* [Your task]: Extract each line of the data below exactly as written.
### Extracted records
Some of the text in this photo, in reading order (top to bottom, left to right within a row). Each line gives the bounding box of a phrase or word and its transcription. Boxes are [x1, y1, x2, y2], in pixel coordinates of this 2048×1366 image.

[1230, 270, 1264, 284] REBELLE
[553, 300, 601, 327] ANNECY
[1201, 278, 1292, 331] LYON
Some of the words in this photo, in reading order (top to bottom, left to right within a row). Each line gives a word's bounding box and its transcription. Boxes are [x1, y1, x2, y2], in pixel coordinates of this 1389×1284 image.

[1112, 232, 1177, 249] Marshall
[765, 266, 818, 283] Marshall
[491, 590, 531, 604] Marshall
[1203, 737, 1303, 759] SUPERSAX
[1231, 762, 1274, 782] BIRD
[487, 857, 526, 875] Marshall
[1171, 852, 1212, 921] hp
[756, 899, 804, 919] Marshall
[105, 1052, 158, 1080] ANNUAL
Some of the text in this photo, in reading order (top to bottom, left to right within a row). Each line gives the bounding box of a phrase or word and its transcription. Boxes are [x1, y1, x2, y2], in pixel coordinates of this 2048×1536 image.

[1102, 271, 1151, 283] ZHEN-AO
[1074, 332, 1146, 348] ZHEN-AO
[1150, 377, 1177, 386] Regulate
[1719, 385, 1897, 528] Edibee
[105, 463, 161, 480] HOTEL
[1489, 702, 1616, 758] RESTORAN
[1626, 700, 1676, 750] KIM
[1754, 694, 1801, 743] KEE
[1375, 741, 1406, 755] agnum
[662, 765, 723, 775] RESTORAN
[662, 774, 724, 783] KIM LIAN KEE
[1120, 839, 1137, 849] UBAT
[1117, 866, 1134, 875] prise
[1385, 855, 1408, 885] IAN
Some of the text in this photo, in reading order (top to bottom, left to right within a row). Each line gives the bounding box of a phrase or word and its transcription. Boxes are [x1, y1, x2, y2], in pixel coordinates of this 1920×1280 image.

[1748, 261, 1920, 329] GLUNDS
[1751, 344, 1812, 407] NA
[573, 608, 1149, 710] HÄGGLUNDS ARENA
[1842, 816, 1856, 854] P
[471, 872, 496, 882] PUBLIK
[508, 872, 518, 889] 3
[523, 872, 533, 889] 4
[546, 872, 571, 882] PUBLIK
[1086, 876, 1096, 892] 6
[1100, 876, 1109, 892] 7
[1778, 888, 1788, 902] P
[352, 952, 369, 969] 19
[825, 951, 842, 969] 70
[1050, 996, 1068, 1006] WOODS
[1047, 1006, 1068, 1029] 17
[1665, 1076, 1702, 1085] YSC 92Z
######
* [Exercise response]:
Some of the text in this photo, in reading order (top to bottom, left to right within a row). Each line gives the bounding box of a phrase or word and its transcription. Boxes are [x1, y1, x2, y2], in pixel coordinates of this 2048×1366 image.

[1230, 270, 1264, 284] REBELLE
[553, 300, 601, 327] ANNECY
[1201, 278, 1292, 331] LYON
Some of the words in this photo, in reading order (top to bottom, left to right within a row). Each line gives a word's bounding box and its transcription. Boxes are [x1, y1, x2, y2], in pixel coordinates of this 1389×1284 image.

[1112, 232, 1177, 249] Marshall
[765, 266, 818, 283] Marshall
[491, 590, 531, 604] Marshall
[1203, 737, 1303, 759] SUPERSAX
[1231, 762, 1274, 782] BIRD
[487, 857, 526, 875] Marshall
[1171, 852, 1212, 921] hp
[756, 899, 804, 919] Marshall
[105, 1052, 158, 1080] ANNUAL
Some of the text in this photo, in reading order (top to bottom, left to right within a row). Each line gives the bounding box of a phrase or word and its transcription. Boxes are [x1, y1, x2, y2], in pixel coordinates of this 2048×1536 image.

[1102, 271, 1151, 283] ZHEN-AO
[1074, 332, 1146, 348] ZHEN-AO
[1150, 377, 1177, 386] Regulate
[1719, 385, 1897, 528] Edibee
[105, 463, 161, 480] HOTEL
[1489, 702, 1616, 758] RESTORAN
[1626, 700, 1676, 750] KIM
[1754, 694, 1801, 743] KEE
[1375, 741, 1406, 755] agnum
[662, 765, 723, 775] RESTORAN
[662, 774, 724, 783] KIM LIAN KEE
[1120, 839, 1137, 849] UBAT
[1117, 866, 1134, 875] prise
[1385, 855, 1408, 885] IAN
Some of the text in this photo, in reading order (top to bottom, left to right within a row). Each line gives the bounding box of a phrase or word and its transcription. Boxes are [x1, y1, x2, y2], in pixel coordinates of this 1920×1280 image.

[1748, 261, 1920, 329] GLUNDS
[1751, 344, 1812, 407] NA
[573, 608, 1149, 710] HÄGGLUNDS ARENA
[1842, 816, 1856, 854] P
[471, 872, 496, 882] PUBLIK
[508, 872, 518, 889] 3
[523, 872, 533, 889] 4
[546, 872, 571, 882] PUBLIK
[1086, 876, 1096, 892] 6
[1100, 876, 1109, 892] 7
[1778, 888, 1788, 902] P
[352, 952, 369, 969] 19
[825, 951, 842, 969] 70
[1050, 996, 1068, 1006] WOODS
[1047, 1006, 1068, 1029] 17
[1665, 1076, 1702, 1085] YSC 92Z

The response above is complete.